--- Records to use ---

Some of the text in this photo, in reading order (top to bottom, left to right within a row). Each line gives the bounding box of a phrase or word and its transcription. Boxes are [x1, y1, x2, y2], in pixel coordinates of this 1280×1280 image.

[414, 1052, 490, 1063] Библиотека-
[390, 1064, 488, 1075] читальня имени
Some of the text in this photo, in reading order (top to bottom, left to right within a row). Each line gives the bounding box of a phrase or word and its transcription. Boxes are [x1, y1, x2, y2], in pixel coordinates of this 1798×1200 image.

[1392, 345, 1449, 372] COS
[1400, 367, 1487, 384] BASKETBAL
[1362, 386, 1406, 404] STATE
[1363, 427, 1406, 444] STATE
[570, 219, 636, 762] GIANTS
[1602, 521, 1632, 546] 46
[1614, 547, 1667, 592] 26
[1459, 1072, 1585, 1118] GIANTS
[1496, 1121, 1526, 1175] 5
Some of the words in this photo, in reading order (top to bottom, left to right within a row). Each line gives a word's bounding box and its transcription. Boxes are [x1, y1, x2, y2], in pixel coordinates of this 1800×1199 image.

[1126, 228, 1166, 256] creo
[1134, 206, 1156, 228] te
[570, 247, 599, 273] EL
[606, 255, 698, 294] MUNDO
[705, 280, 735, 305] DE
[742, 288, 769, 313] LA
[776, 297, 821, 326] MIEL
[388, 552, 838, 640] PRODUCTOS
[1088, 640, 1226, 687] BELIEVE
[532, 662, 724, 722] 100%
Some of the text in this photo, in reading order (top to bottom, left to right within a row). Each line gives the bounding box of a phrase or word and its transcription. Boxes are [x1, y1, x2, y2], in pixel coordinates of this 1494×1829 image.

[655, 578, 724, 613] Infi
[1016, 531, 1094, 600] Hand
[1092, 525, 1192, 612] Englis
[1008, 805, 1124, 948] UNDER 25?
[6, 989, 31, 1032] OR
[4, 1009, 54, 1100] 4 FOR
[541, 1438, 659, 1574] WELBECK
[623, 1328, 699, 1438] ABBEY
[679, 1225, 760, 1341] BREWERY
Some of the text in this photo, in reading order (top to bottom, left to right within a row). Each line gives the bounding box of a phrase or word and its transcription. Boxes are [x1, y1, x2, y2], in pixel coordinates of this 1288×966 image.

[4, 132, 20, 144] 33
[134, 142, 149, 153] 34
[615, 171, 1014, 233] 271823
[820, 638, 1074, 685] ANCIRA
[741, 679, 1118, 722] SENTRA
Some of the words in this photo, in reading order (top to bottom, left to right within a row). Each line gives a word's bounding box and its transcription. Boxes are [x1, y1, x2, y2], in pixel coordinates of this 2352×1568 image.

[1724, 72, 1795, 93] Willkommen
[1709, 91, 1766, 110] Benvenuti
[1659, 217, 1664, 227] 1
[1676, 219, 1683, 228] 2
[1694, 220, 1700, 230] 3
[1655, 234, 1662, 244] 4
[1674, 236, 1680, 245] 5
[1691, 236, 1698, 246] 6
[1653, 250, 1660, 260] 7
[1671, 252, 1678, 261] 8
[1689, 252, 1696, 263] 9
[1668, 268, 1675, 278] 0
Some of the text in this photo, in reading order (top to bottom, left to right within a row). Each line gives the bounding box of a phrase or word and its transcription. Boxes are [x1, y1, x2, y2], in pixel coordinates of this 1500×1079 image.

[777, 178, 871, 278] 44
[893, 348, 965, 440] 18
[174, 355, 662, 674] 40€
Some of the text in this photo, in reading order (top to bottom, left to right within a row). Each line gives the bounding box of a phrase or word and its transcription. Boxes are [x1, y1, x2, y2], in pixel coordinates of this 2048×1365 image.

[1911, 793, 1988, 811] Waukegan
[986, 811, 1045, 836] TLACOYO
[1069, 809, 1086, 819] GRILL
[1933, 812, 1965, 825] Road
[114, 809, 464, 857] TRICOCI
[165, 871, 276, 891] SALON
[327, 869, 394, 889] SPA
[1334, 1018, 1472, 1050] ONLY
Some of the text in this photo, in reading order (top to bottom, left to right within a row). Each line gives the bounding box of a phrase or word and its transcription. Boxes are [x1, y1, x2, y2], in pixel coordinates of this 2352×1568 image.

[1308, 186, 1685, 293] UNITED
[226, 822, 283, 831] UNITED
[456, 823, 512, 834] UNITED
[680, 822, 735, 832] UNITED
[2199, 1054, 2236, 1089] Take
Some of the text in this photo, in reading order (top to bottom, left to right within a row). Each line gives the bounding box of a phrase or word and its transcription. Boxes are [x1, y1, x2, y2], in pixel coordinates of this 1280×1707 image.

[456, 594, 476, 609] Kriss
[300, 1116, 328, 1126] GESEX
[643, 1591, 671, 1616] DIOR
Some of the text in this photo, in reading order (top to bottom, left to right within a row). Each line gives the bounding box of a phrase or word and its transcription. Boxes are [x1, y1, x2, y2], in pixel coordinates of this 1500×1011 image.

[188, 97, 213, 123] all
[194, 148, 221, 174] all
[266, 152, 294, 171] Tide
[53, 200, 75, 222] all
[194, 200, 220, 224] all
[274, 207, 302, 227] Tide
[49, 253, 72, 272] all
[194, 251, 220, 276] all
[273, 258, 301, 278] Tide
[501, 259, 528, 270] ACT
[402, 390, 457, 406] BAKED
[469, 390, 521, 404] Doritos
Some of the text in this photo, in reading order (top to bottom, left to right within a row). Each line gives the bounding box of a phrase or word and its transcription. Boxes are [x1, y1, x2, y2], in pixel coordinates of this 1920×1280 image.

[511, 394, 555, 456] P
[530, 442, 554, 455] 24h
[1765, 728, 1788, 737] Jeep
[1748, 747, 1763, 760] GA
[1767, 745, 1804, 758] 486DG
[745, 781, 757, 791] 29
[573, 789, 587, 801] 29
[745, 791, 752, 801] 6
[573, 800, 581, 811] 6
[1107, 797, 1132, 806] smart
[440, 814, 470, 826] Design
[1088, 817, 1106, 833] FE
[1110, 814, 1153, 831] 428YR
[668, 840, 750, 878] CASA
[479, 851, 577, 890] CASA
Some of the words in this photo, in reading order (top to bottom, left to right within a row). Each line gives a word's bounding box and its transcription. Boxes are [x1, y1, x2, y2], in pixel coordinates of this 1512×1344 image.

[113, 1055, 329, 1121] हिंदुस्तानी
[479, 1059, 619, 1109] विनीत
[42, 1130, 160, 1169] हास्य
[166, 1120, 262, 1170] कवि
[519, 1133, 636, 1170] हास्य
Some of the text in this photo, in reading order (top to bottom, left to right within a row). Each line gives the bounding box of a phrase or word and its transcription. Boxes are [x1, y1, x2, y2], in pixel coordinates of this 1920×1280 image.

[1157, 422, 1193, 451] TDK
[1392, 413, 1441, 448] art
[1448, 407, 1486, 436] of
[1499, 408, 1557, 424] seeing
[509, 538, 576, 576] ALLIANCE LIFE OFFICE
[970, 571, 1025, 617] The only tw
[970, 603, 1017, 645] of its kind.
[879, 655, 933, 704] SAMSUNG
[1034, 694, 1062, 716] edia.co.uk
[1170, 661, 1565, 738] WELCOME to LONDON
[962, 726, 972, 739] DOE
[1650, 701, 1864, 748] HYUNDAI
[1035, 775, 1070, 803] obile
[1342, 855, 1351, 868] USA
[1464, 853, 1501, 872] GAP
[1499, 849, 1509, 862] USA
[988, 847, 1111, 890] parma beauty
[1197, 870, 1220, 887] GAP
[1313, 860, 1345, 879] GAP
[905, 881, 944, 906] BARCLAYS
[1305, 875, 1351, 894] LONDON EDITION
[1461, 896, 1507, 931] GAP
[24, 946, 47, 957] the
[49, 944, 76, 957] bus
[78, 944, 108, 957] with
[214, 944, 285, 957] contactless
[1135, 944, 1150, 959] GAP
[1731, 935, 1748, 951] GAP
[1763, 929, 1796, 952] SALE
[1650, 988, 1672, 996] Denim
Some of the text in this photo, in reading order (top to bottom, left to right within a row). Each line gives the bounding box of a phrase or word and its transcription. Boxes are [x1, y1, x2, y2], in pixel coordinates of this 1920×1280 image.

--- Exercise ---
What should appear is an exact copy of the lines from the one with "this 1512×1344 image." through the end of the entries above, ends included, and no other text.

--- Answer box ---
Some of the words in this photo, in reading order (top to bottom, left to right within a row). Each line gives a word's bounding box and its transcription. Boxes are [x1, y1, x2, y2], in pixel coordinates of this 1512×1344 image.

[113, 1055, 329, 1121] हिंदुस्तानी
[479, 1059, 619, 1109] विनीत
[42, 1130, 160, 1169] हास्य
[166, 1120, 262, 1170] कवि
[519, 1133, 636, 1170] हास्य
Some of the text in this photo, in reading order (top to bottom, left to right within a row). Each line gives the bounding box of a phrase or word and its transcription. Boxes are [x1, y1, x2, y2], in pixel coordinates of this 1920×1280 image.

[1157, 422, 1193, 451] TDK
[1392, 413, 1441, 448] art
[1448, 407, 1486, 436] of
[1499, 408, 1557, 424] seeing
[509, 538, 576, 576] ALLIANCE LIFE OFFICE
[970, 571, 1025, 617] The only tw
[970, 603, 1017, 645] of its kind.
[879, 655, 933, 704] SAMSUNG
[1034, 694, 1062, 716] edia.co.uk
[1170, 661, 1565, 738] WELCOME to LONDON
[962, 726, 972, 739] DOE
[1650, 701, 1864, 748] HYUNDAI
[1035, 775, 1070, 803] obile
[1342, 855, 1351, 868] USA
[1464, 853, 1501, 872] GAP
[1499, 849, 1509, 862] USA
[988, 847, 1111, 890] parma beauty
[1197, 870, 1220, 887] GAP
[1313, 860, 1345, 879] GAP
[905, 881, 944, 906] BARCLAYS
[1305, 875, 1351, 894] LONDON EDITION
[1461, 896, 1507, 931] GAP
[24, 946, 47, 957] the
[49, 944, 76, 957] bus
[78, 944, 108, 957] with
[214, 944, 285, 957] contactless
[1135, 944, 1150, 959] GAP
[1731, 935, 1748, 951] GAP
[1763, 929, 1796, 952] SALE
[1650, 988, 1672, 996] Denim
Some of the text in this photo, in reading order (top to bottom, left to right within a row). Each line gives the bounding box of a phrase or word and its transcription. Boxes are [x1, y1, x2, y2], in pixel coordinates of this 1920×1280 image.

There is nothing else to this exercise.